Inflation, inflation; Eating the Pudding Of Quantitative Easing (QE)

Central Banks have been in love with low rates for very long, too long one might argue. The economy needed it, they said. Everyone was better off that way, they said. But how can money that is technically worth nothing, have value in an economy?

The decade long 0.5% rate economy

Low rates allow (ed) governments, corporates and to a lesser extent households to borrow money for near to nothing, which on paper sounded great. But at the same time low rates make a mush of our savings and although inflation for a long time did not ‘exist’ in our daily lives, the easy money flow did create inflation, perhaps not in the supermarket, but certainly in the stock- and housing markets. Consumer prices were low as abundant cheap labour (China and South-East Asia) and quantitative easing (QE) kept prices down and consumers happy. Quantitative easing in essence means that Central Banks keep pumping money into the system, creating enormous liquidity and making money worth nothing much, leading consumers to spend it, not save it. The buy-to-let boom and the stock market bull run since 2009? Both directly linked to QE and the low-rate economy it kept going.

Where interest rates always so low? No

In the past 14 years or so, interest rates have been much higher, and at times significantly higher than the official 2% rate of inflation. And many people liked it. The idea was that you could put your savings in a bank account and receive 4 to 5% annual interest on it. No risk, no fretting about bond or stocks, just a plain old interest account. That PAID.

On July 5th 2007, the base rate of the Bank of England was 5.75%. By March 2009, only 20 months later, following the Great Crisis, the rate was lowered to 0.50%. Inflation meanwhile was always steady (according to the ONS) around 2%. How can the same level of inflation warrant such different levels of interest rates? This is not what the theory teaches us. But, nevertheless, rates never even came over 1% again until this day. Zero rates became the new normal, even when they were not justified. We were addicted to them.

The Pandemic end to low consumer prices

The pandemic quickly changed the stationary rate of inflation. Intra- and post pandemic there was such a supply-demand imbalance for goods and services that prices started to go up for everything. Today, simply everyone must notice how much higher prices are than they were a few months ago. From buying a coffee, to cereals, to your Deliveroo indulgence or taking an Uber, prices bite. Did anyone notice that a simple croissant now costs £2.25? Pretty crazy.

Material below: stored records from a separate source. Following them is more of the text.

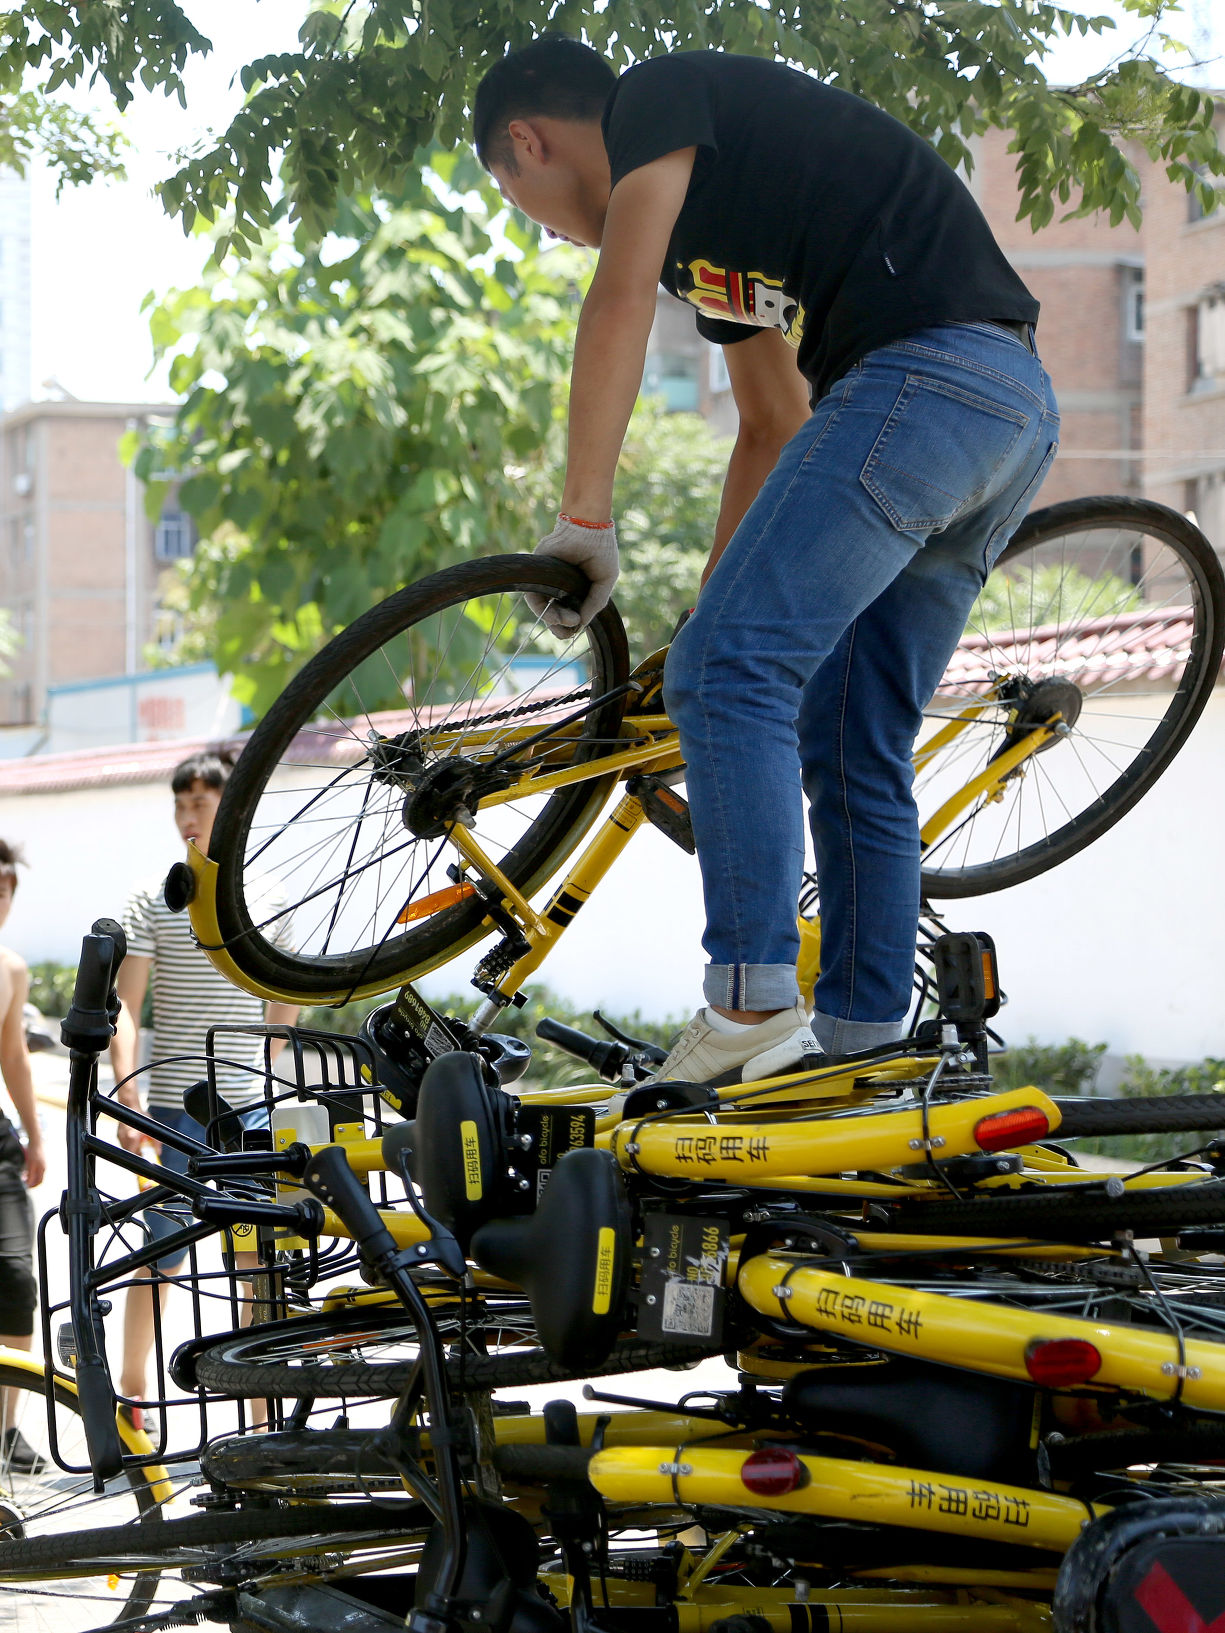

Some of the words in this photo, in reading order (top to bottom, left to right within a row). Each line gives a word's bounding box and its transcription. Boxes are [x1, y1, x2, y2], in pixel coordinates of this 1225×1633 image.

[539, 1114, 551, 1147] bicycle
[465, 1136, 480, 1184] 扫码用车
[539, 1148, 548, 1166] ofo
[675, 1136, 771, 1166] 扫码用车
[668, 1224, 680, 1259] bicycle
[597, 1246, 610, 1296] 扫码用车
[686, 1265, 699, 1281] NO
[816, 1287, 923, 1340] 扫码用车
[906, 1479, 1031, 1528] 扫码用车
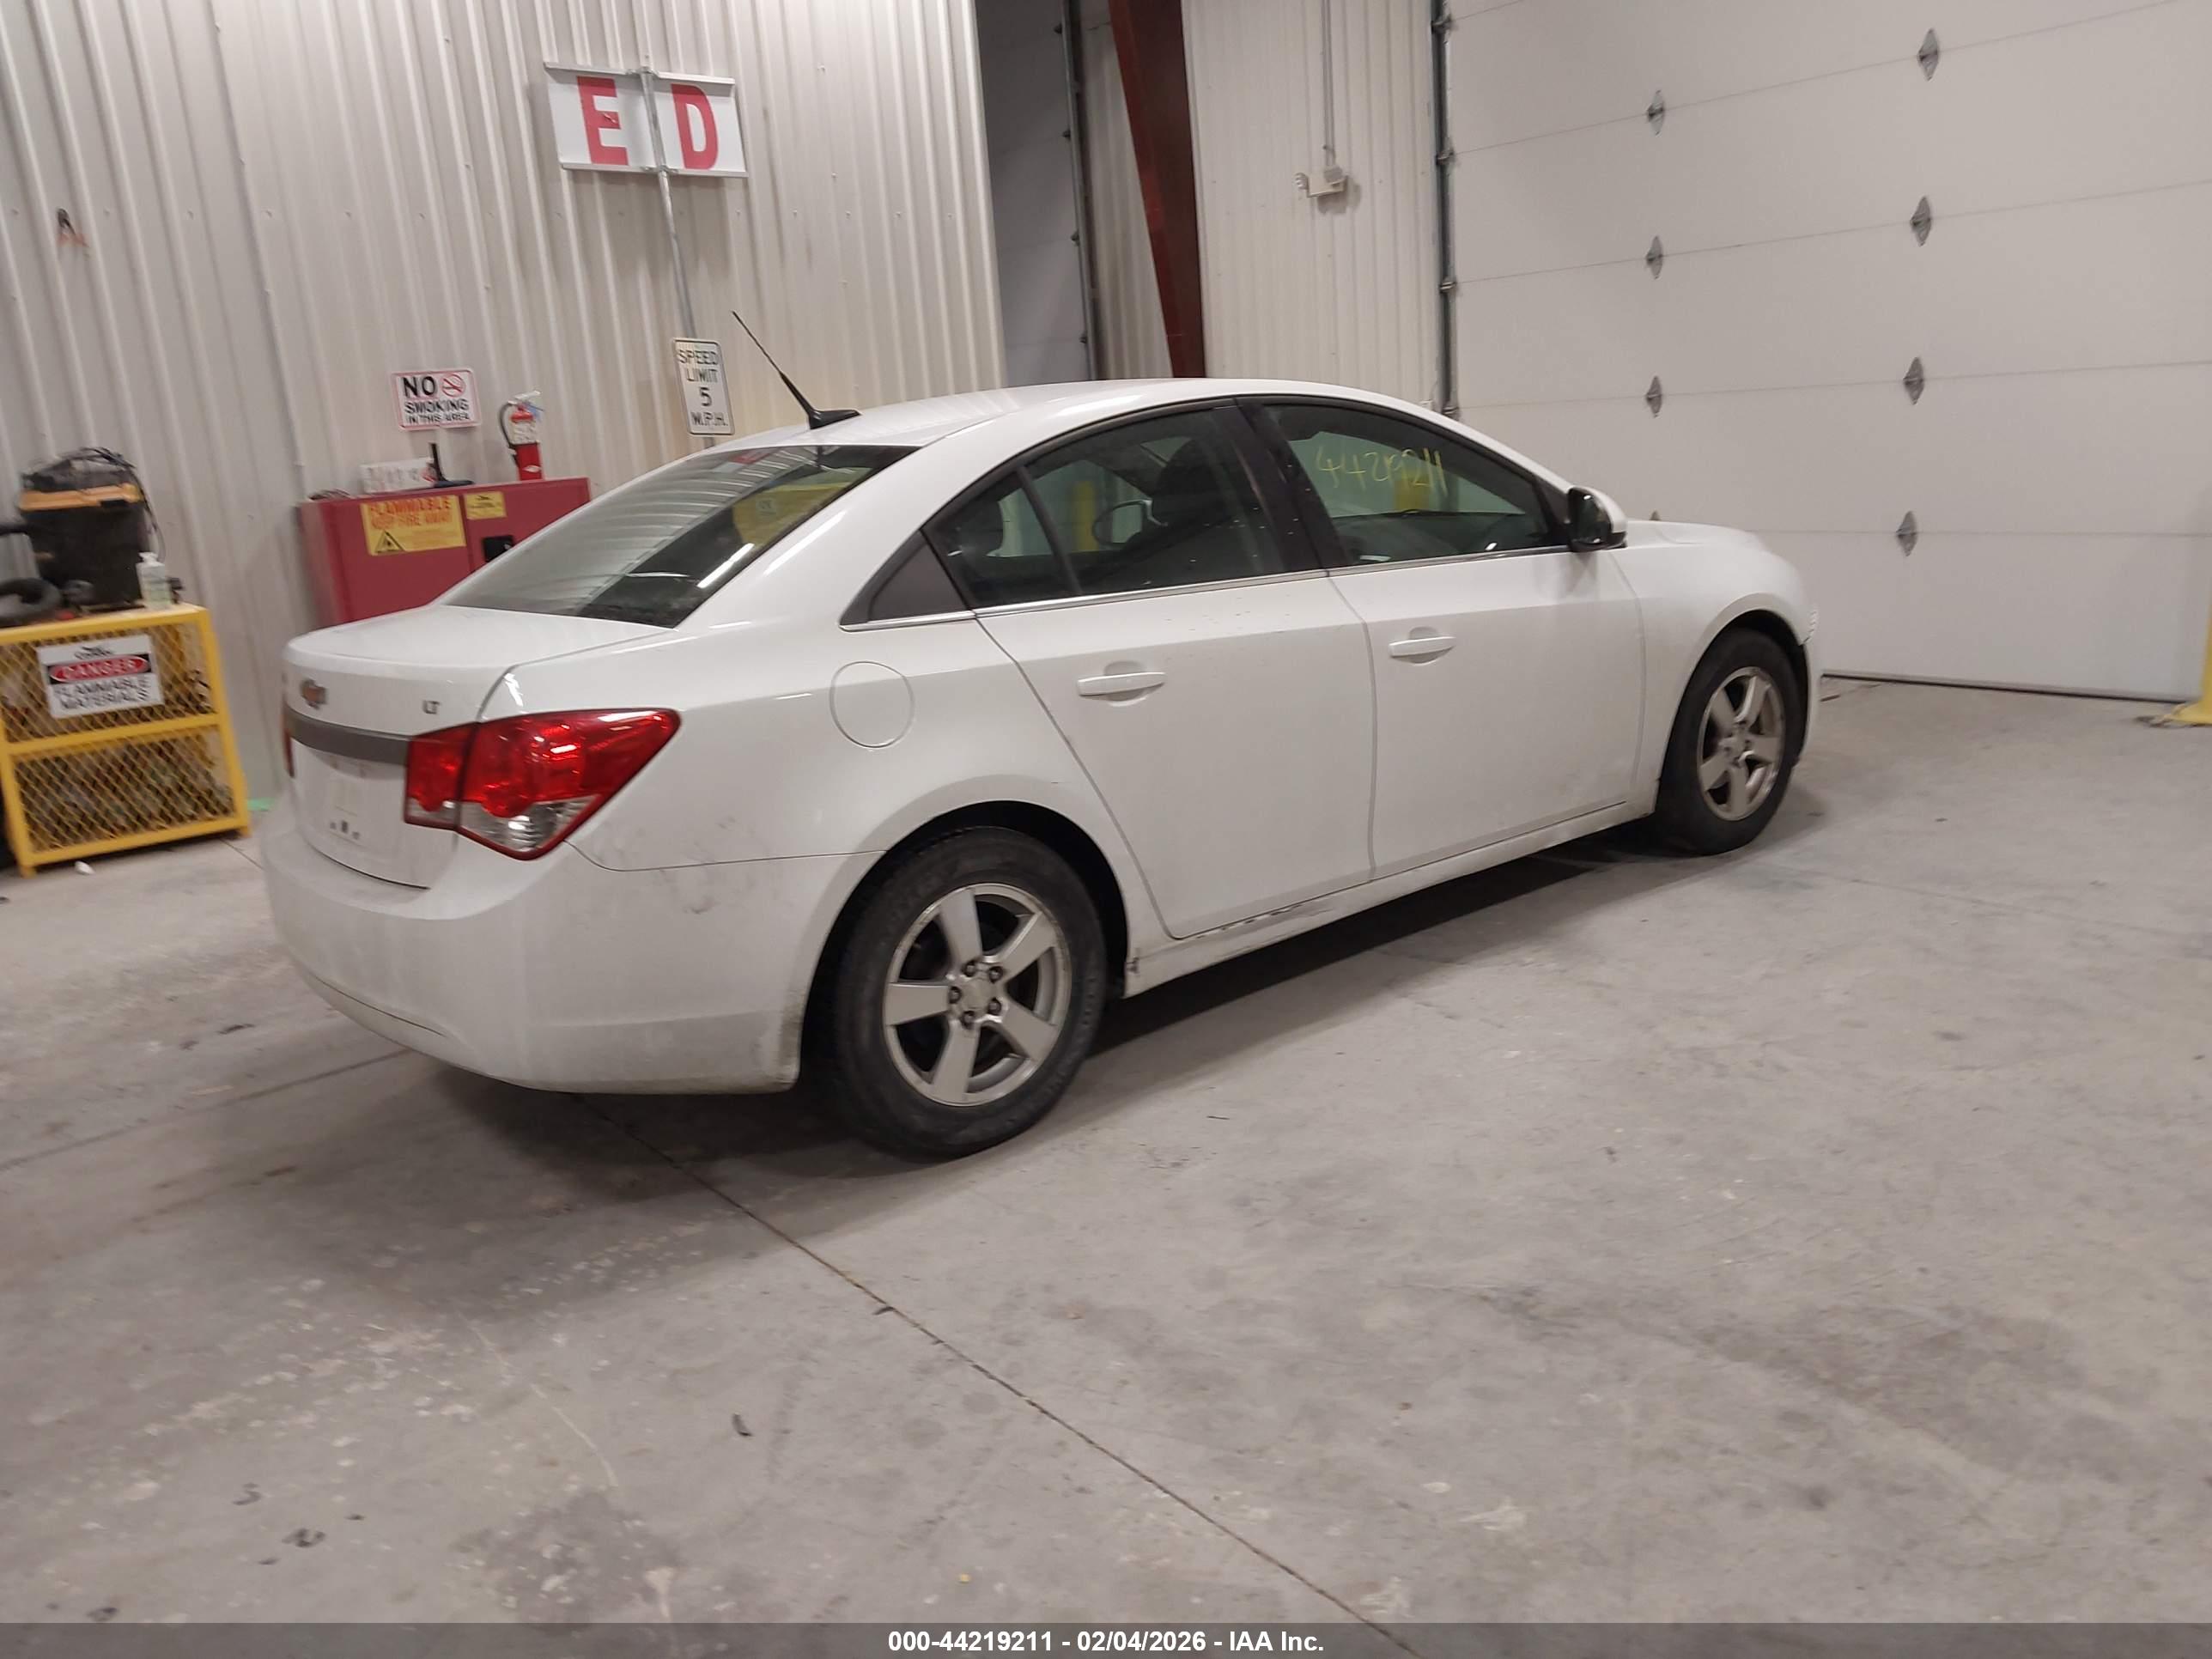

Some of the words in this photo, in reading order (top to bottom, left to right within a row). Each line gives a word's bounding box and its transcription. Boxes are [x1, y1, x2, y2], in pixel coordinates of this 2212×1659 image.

[577, 76, 629, 166] E
[671, 83, 719, 170] D
[677, 349, 719, 365] SPEED
[686, 368, 719, 383] LIMIT
[402, 376, 437, 397] NO
[699, 386, 713, 406] 5
[404, 398, 470, 414] SMOKING
[422, 700, 441, 714] LT
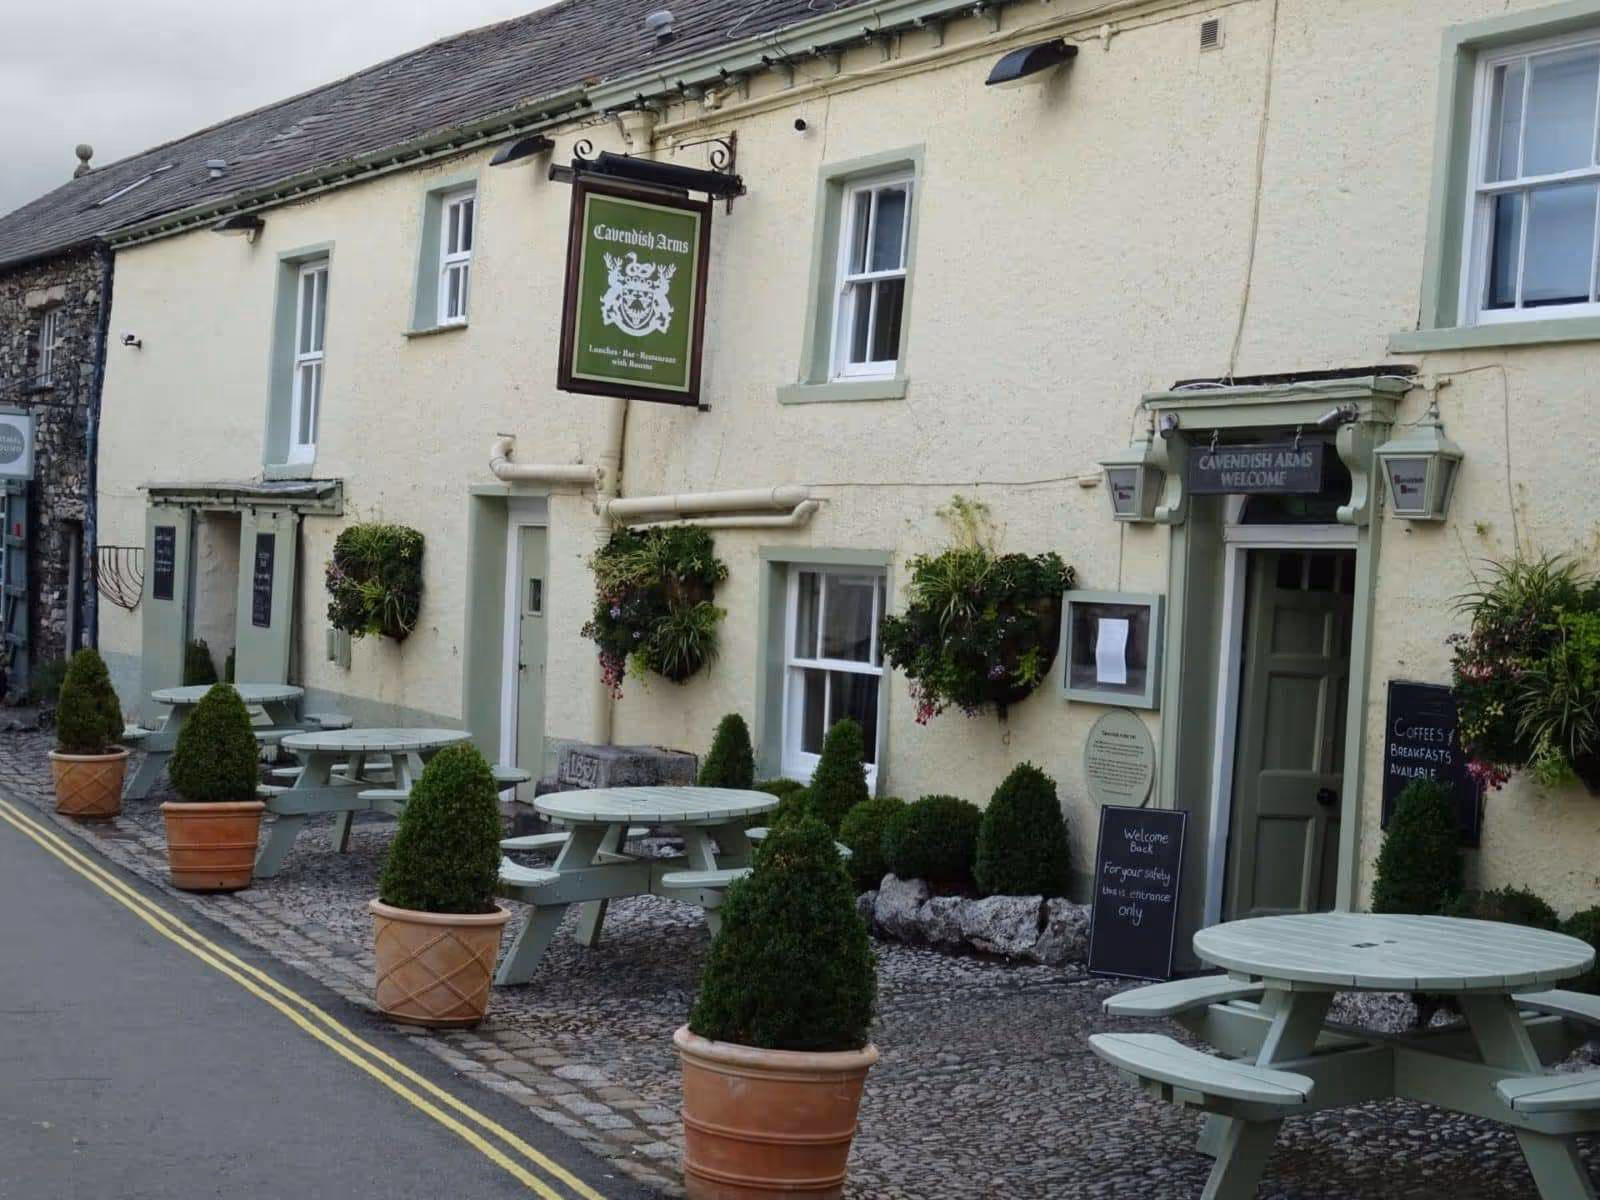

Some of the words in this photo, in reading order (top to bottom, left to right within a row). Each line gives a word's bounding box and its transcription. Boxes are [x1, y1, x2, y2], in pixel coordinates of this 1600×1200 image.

Inflation at an all-time high: can Central Banks save the day?

Now that inflation crept up, too much and too fast, Central Banks need to act. The Bank of England has started to decelerate the quantitative easing and has hiked rates from 0.25% to 0.75% recently. More rate hikes in the near future should reduce demand for goods and over time this should bring inflation down. But reduced consumer spending also reduces economic growth, so how can Central Banks balance that? Or have they been so busy with QE for years that they are now too late to get back on track without triggering a recession?

Inflation and you

What does inflation mean to you? When prices rise officially by 7.5%, but, are really going up by something like 20-30% and your allowance or your salary does not rise by more than 2-3%, something must change as you are beginning to be out of pocket? Should Central Banks raise rates to the 2007 level of 5.75%? It seems very unlikely they will or can at this late stage without creating a shock. Is the very high post-pandemic inflation in that case just a big price reset that takes getting used to?

But rates below 1% and official inflation at 7.5% is unsustainable. Inflation might be that more sticky than we are hoping for. The past decade of QE has served up a pudding we do not like and- besides - can’t afford but must eat.